_ASSIGNED TASK_
Without including any picture, repeat the records below exactly.

_PROVIDED RECORDS_
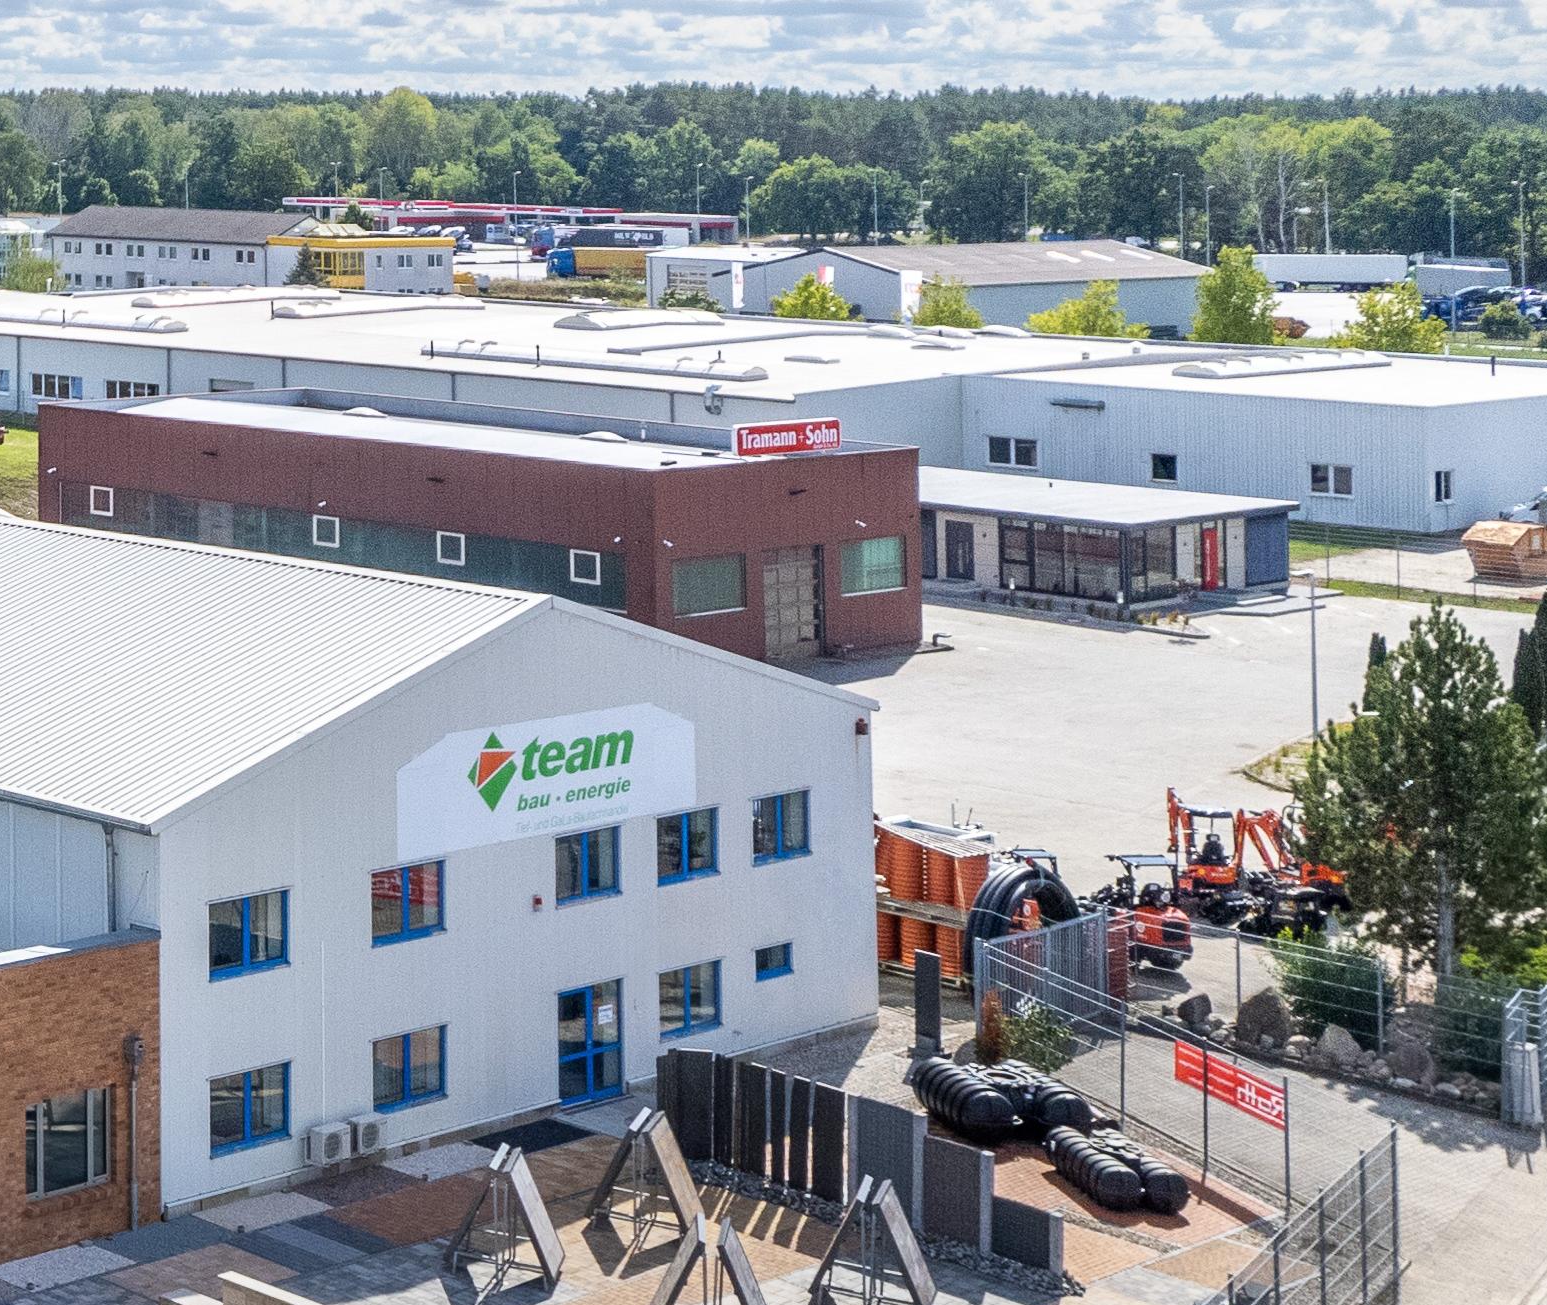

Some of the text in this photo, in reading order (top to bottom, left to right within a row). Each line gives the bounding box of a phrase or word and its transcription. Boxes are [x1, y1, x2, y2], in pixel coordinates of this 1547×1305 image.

[739, 429, 796, 449] Tramann
[805, 424, 838, 446] Sohn
[521, 729, 634, 781] team
[517, 777, 631, 812] bau energie
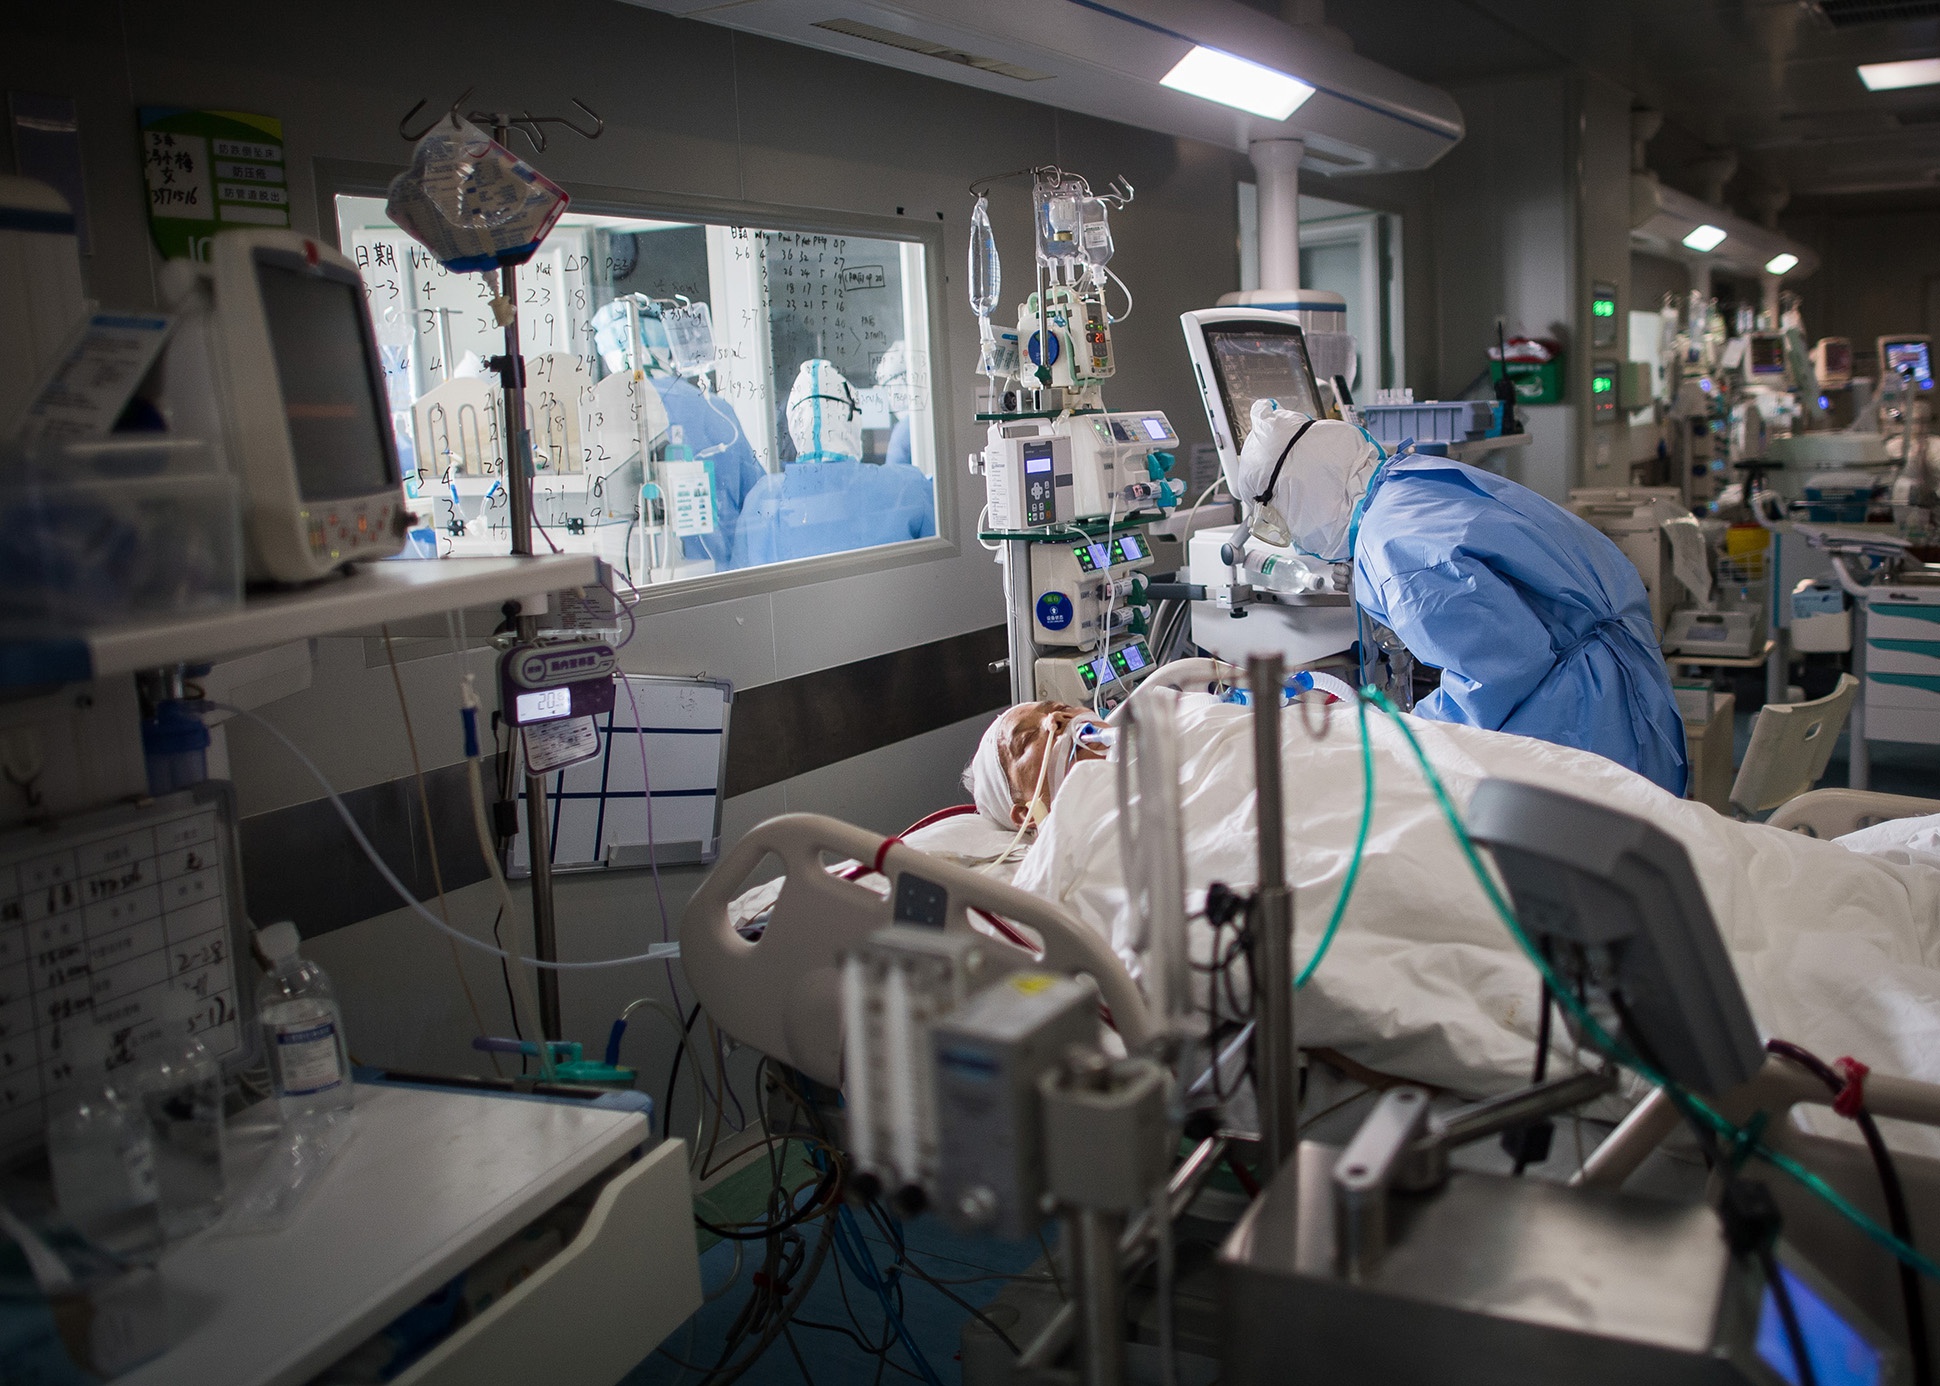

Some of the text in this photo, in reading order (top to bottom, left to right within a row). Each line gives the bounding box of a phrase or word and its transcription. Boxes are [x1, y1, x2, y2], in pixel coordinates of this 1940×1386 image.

[356, 244, 398, 273] 日期
[422, 281, 437, 300] 4
[524, 287, 552, 307] 23
[567, 288, 587, 310] 18
[423, 308, 436, 335] 3
[532, 313, 554, 347] 19
[572, 318, 596, 342] 14
[429, 355, 443, 371] 4
[537, 353, 554, 383] 29
[575, 354, 596, 377] 24
[432, 402, 444, 423] 3
[539, 391, 557, 410] 23
[626, 380, 638, 398] 5
[548, 412, 564, 434] 18
[586, 412, 604, 432] 13
[630, 403, 643, 422] 5
[538, 444, 562, 476] 27
[584, 444, 611, 463] 22
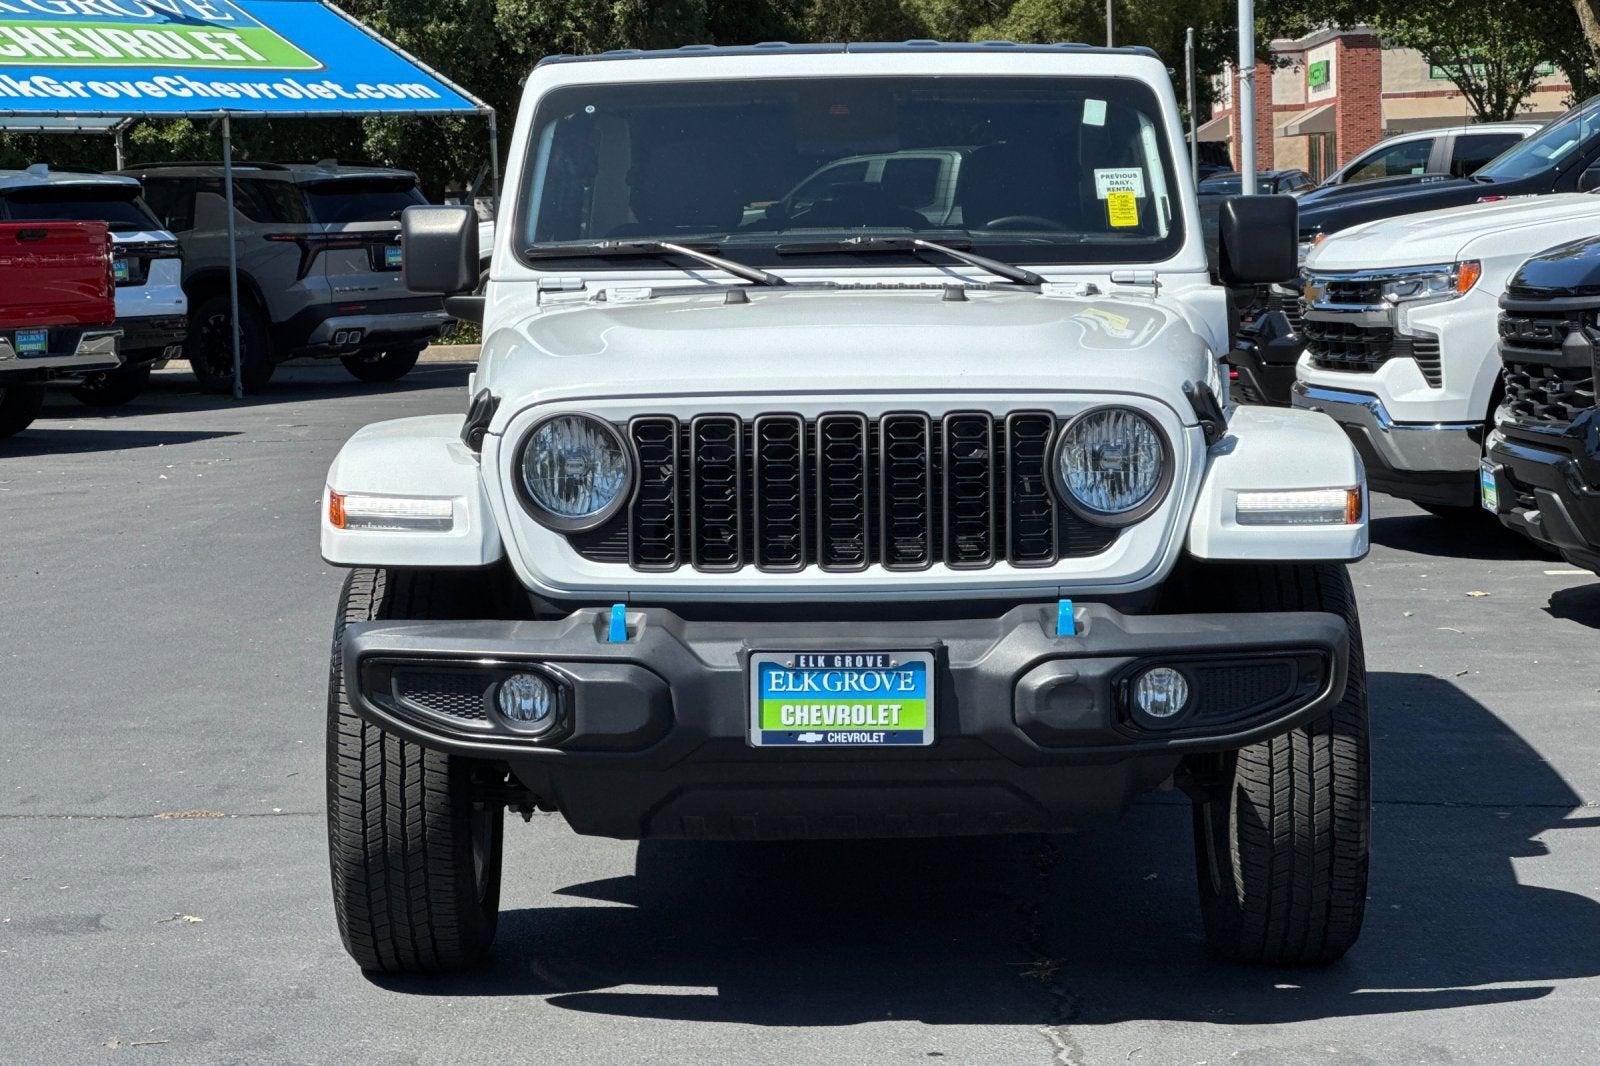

_WRITTEN SOLUTION_
Some of the text in this photo, in reading order (top to bottom, left to right within a row). Each line gives the bounding box of a phrase or word and its transcription. Boxes are [x1, y1, x2, y2], in pixel coordinates of this 1547×1305 image.

[739, 429, 796, 449] Tramann
[805, 424, 838, 446] Sohn
[521, 729, 634, 781] team
[517, 777, 631, 812] bau energie

Some of the text in this photo, in reading order (top to bottom, left to right within a row). Each line gives the bounding box of a phrase or word and its transcription. Boxes are [x1, y1, x2, y2], in pixel coordinates of this 1940×1386 image.

[356, 244, 398, 273] 日期
[422, 281, 437, 300] 4
[524, 287, 552, 307] 23
[567, 288, 587, 310] 18
[423, 308, 436, 335] 3
[532, 313, 554, 347] 19
[572, 318, 596, 342] 14
[429, 355, 443, 371] 4
[537, 353, 554, 383] 29
[575, 354, 596, 377] 24
[432, 402, 444, 423] 3
[539, 391, 557, 410] 23
[626, 380, 638, 398] 5
[548, 412, 564, 434] 18
[586, 412, 604, 432] 13
[630, 403, 643, 422] 5
[538, 444, 562, 476] 27
[584, 444, 611, 463] 22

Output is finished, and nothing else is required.